Task objective:
Carry over every entry exactly as written, though not the pictures it contains.

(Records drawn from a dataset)
__________________________________________________
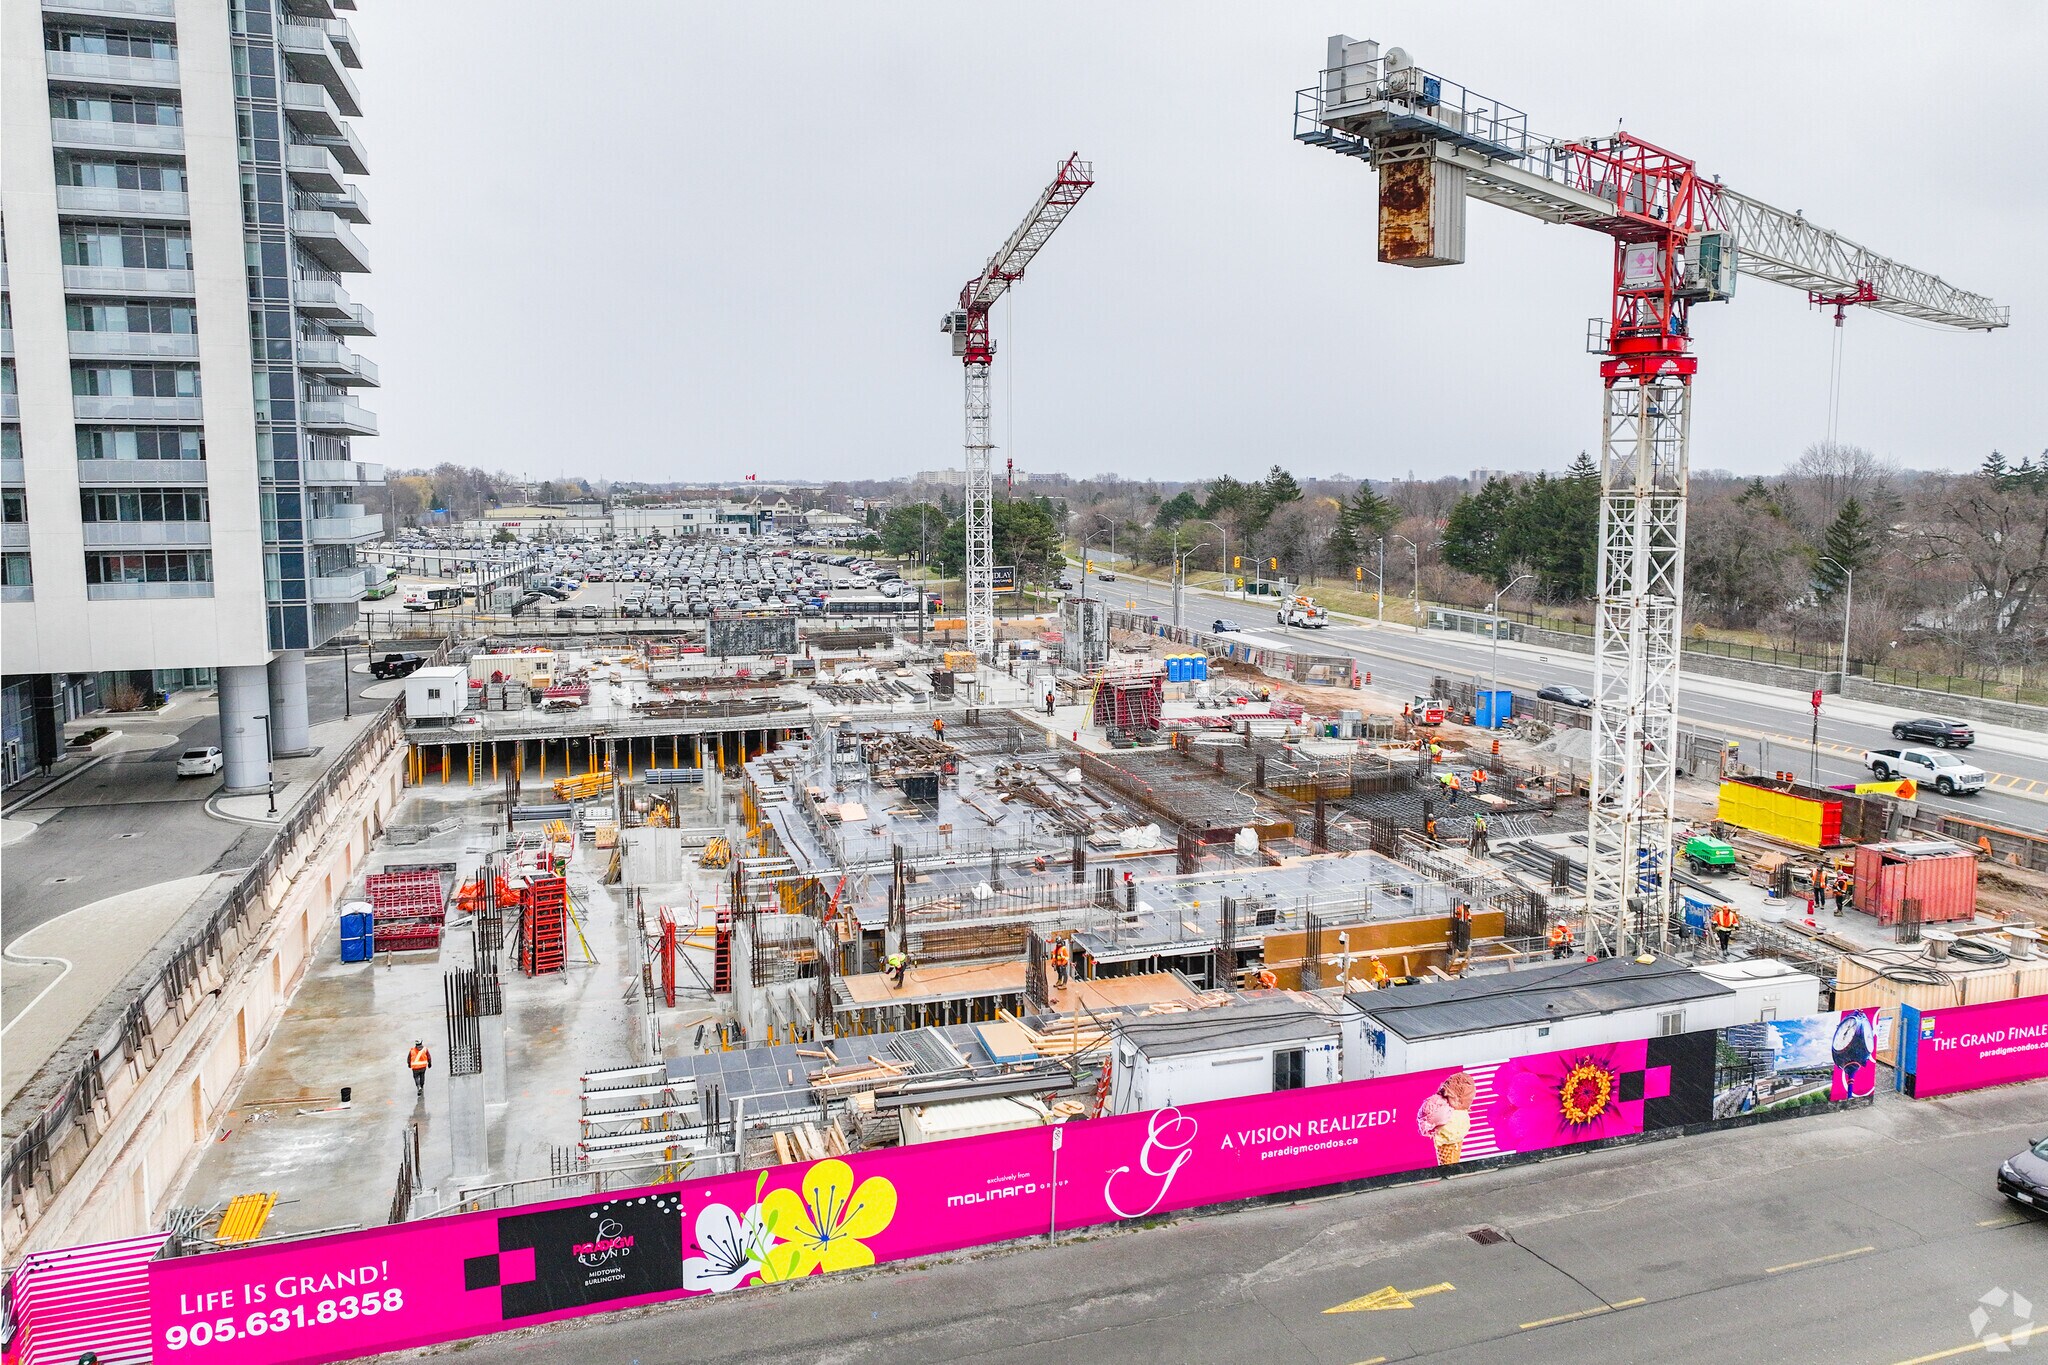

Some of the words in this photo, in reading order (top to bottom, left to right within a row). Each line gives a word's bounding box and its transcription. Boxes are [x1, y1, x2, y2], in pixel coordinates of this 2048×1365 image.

[1933, 1037, 1957, 1051] THE
[1960, 1031, 2005, 1047] GRAND
[2008, 1024, 2048, 1041] FINALE
[1980, 1042, 2048, 1059] paradigmcondos.ca
[1220, 1133, 1234, 1150] A
[1238, 1122, 1302, 1147] VISION
[1307, 1108, 1398, 1136] REALIZED!
[1261, 1137, 1359, 1160] paradigmcondos.ca
[987, 1174, 1017, 1184] exclusively
[578, 1248, 630, 1263] GRAND
[585, 1274, 626, 1286] BURLINGTON
[589, 1267, 621, 1278] MIDTOWN
[180, 1289, 234, 1316] LIFE
[244, 1283, 267, 1305] IS
[274, 1260, 388, 1299] GRAND!
[165, 1288, 404, 1351] 905.631.8358
__________________________________________________
Response area:
Some of the words in this photo, in reading order (top to bottom, left to right within a row). Each line gives a word's bounding box and its transcription. Boxes are [x1, y1, x2, y2], in pixel coordinates of this 2048×1365 image.

[1933, 1037, 1957, 1051] THE
[1960, 1031, 2005, 1047] GRAND
[2008, 1024, 2048, 1041] FINALE
[1980, 1042, 2048, 1059] paradigmcondos.ca
[1220, 1133, 1234, 1150] A
[1238, 1122, 1302, 1147] VISION
[1307, 1108, 1398, 1136] REALIZED!
[1261, 1137, 1359, 1160] paradigmcondos.ca
[987, 1174, 1017, 1184] exclusively
[578, 1248, 630, 1263] GRAND
[585, 1274, 626, 1286] BURLINGTON
[589, 1267, 621, 1278] MIDTOWN
[180, 1289, 234, 1316] LIFE
[244, 1283, 267, 1305] IS
[274, 1260, 388, 1299] GRAND!
[165, 1288, 404, 1351] 905.631.8358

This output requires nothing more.